El Paso

Undocumented immigrant worried about future as DHS releases new immigration policies

El Paso woman in US illegally...

EL PASO, Texas - The Department of Homeland Security explained the Trump administration's plan to improve border security and immigration enforcement.

The memos released by DHS outline the construction of a border wall and an "aggressive plan to deport undocumented immigrants."    

Any immigrant who is in the country illegally and is charged or convicted of any offense, or even suspected of a crime, will now be an enforcement priority, according to Homeland Security Department memos signed by Secretary John Kelly. That could include people arrested for shoplifting or minor offenses - or simply having crossed the border illegally.

America Guevara, an undocumented immigrant from Mexico, has been living in the U.S. for nine years. She has four children, three of which are undocumented. 

"We're very scared," Guevara said in Spanish. "We have a home, we pay taxes...we've never been deported. We are honorable people. We are hard workers."

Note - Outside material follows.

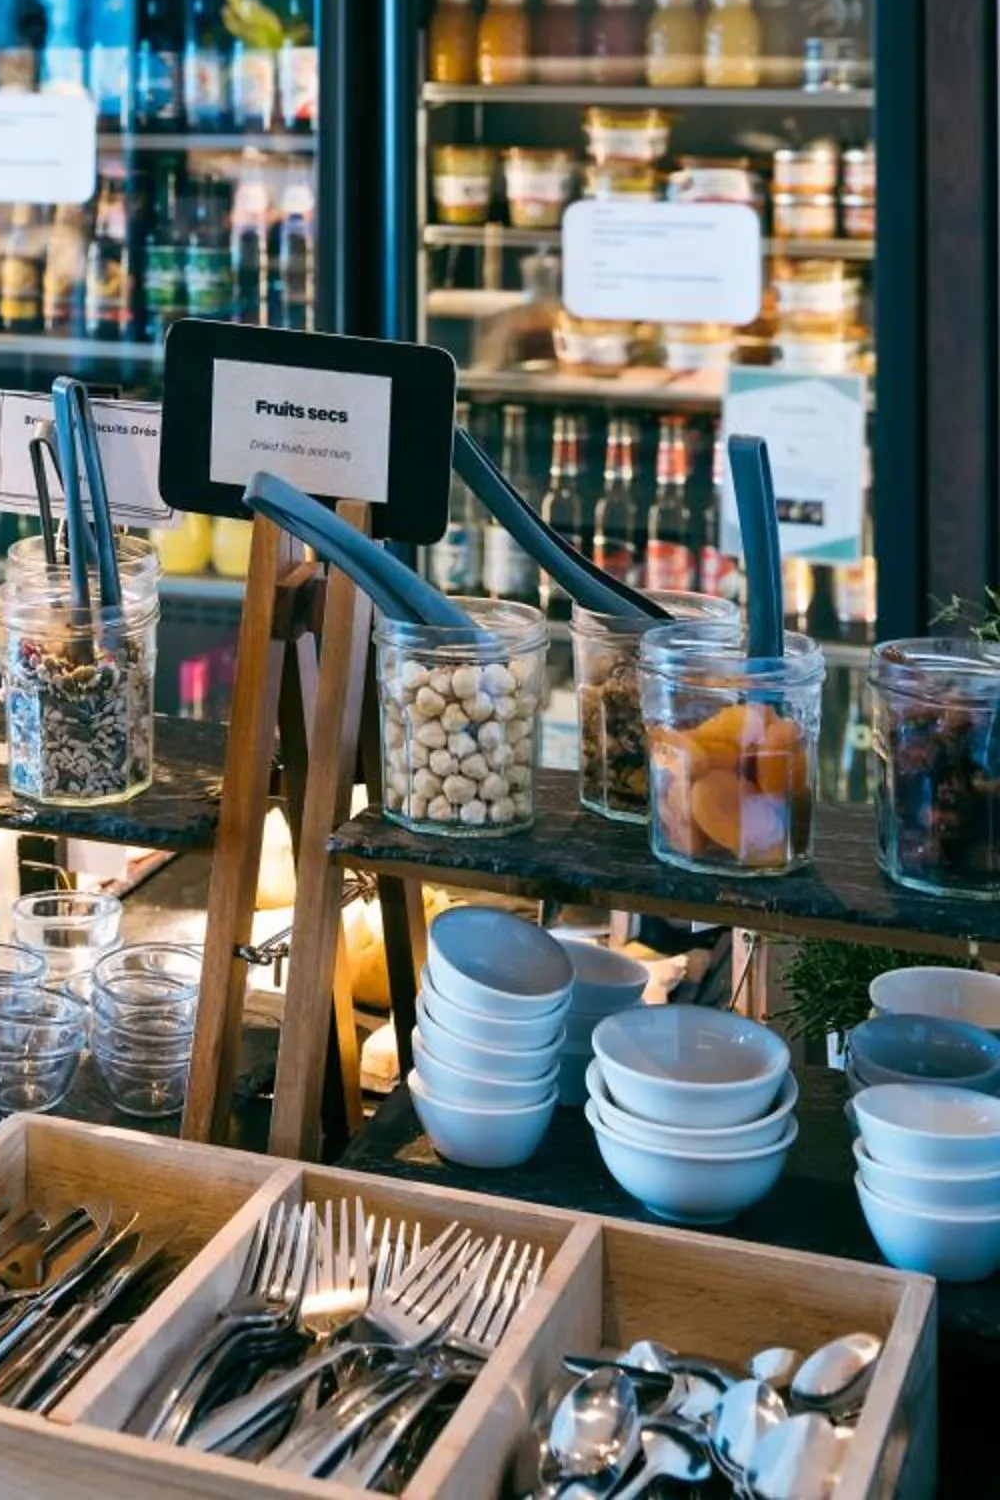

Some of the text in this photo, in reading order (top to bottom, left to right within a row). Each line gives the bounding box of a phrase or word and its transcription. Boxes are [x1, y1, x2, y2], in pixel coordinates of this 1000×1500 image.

[255, 399, 349, 423] Fruits secs
[307, 447, 329, 457] and
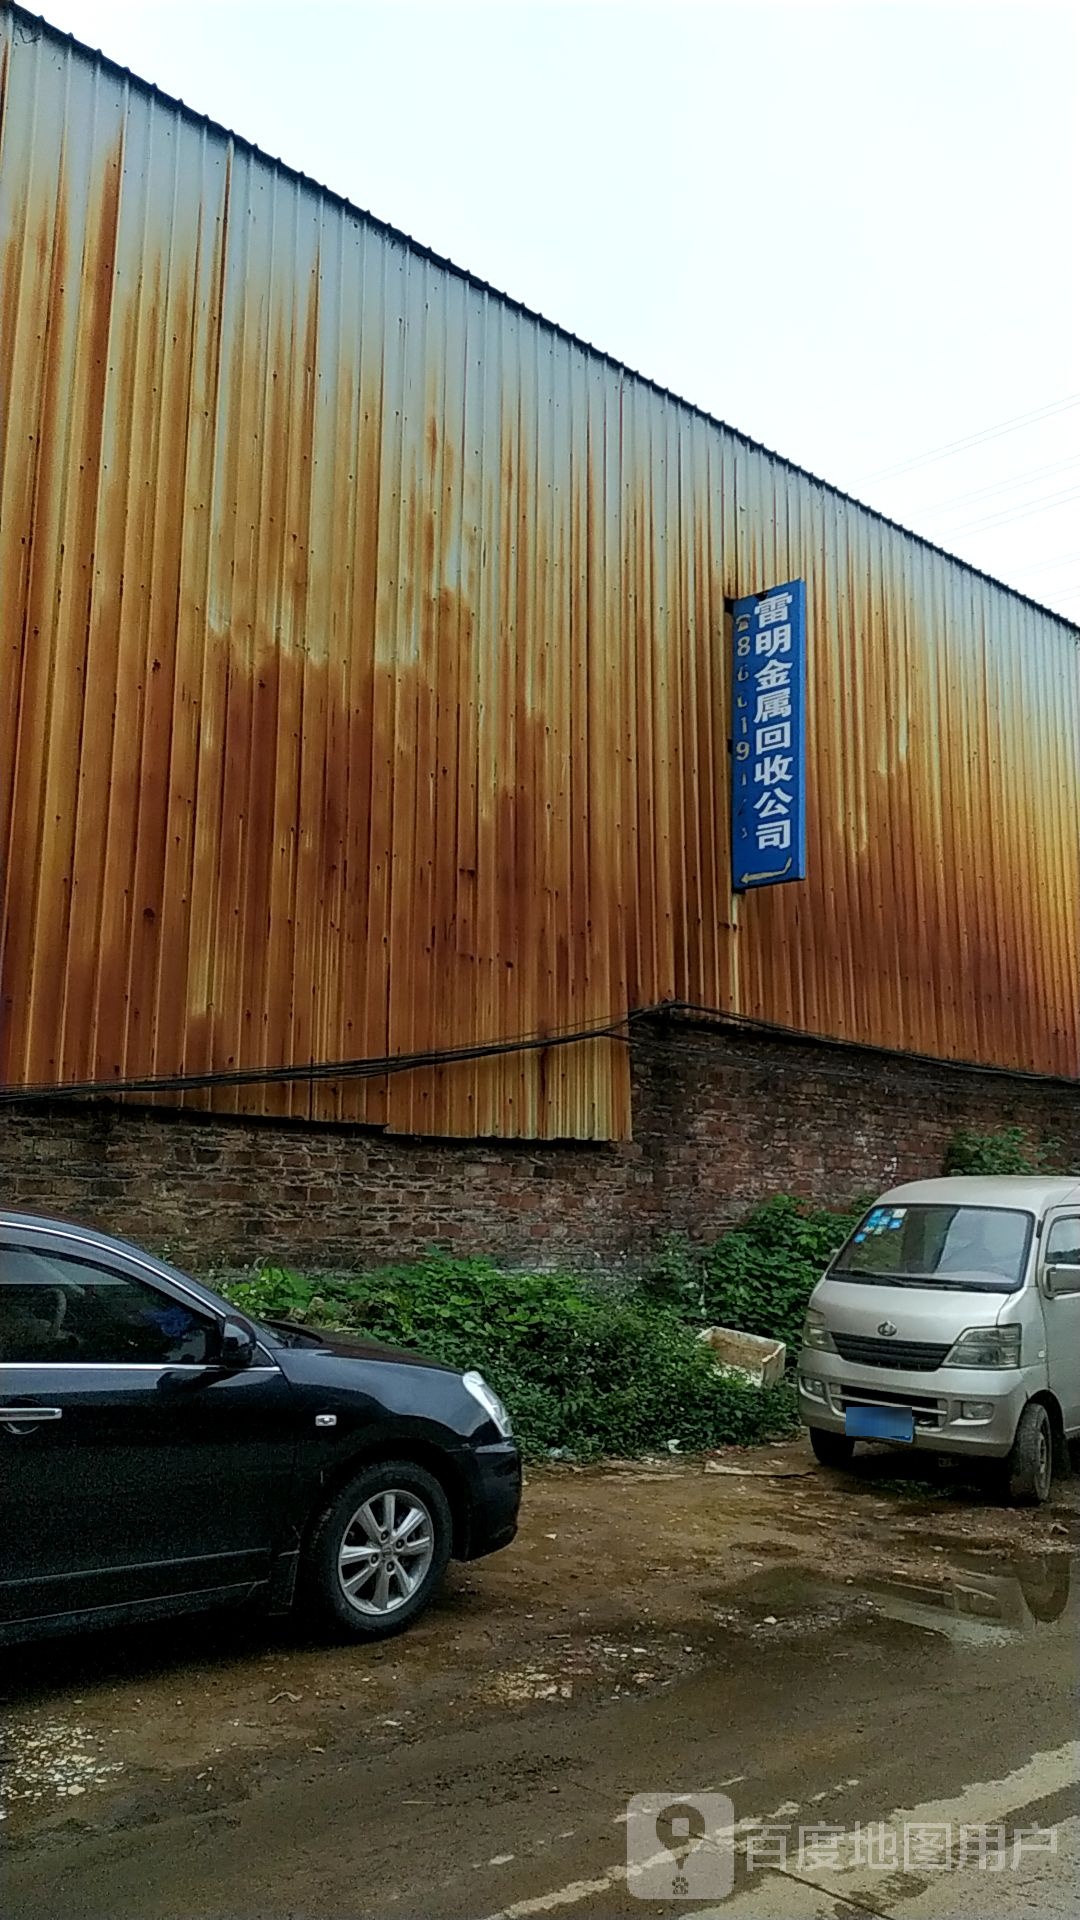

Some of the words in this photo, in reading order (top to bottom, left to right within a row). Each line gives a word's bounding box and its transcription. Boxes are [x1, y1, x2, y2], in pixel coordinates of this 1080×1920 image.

Guevara takes care of elderly people in El Paso for $50 a day. She said she's constantly on high-alert since President Trump was elected.

"Last week it was 10 at night and my husband wasn't home and he wasn't answering his phone," Guevara said. "I was so worried, I didn't know if he'd been detained."

She said her husband's car battery died and that's why he was late.

"I was so worried because of the house, I don't want to lose it," Guevara said. "I was getting ready to go out with one of my friends and look for him."

"I tell my son to be careful and not to go out so much," Guevara said. "I tell him that if something were to happen that he call me right away. I tell him not to say anything. I'll fight for them."

Carlos Spector, an immigration attorney and activist, said his business has increased by about 25 percent ever since President Trump became the republican nominee last summer.

Spector said he and many people in the immigrants rights community referred to former President Barack Obama as "the deporter in chief."

"The biggest difference was that Obama was not targeting the non-criminal community," Spector said. "The biggest problem with the new administration's position is that where's the money for all that? Where's the money for the creation of these detention (centers)? Where's the money for all the agents they want to hire?"

Here are some key points from the memos:

  • Getting rid of the so-called "catch and release" policy.
  • Undocumented immigrants had been allowed to stay in the states while waiting to appear in court.
  • So called 'dreamers' who were brought to the u-s as children are exempt from the policy.
  • CBP will focus on short-term detention of 12 hours.
  • ICE will focus on other detention capabilities.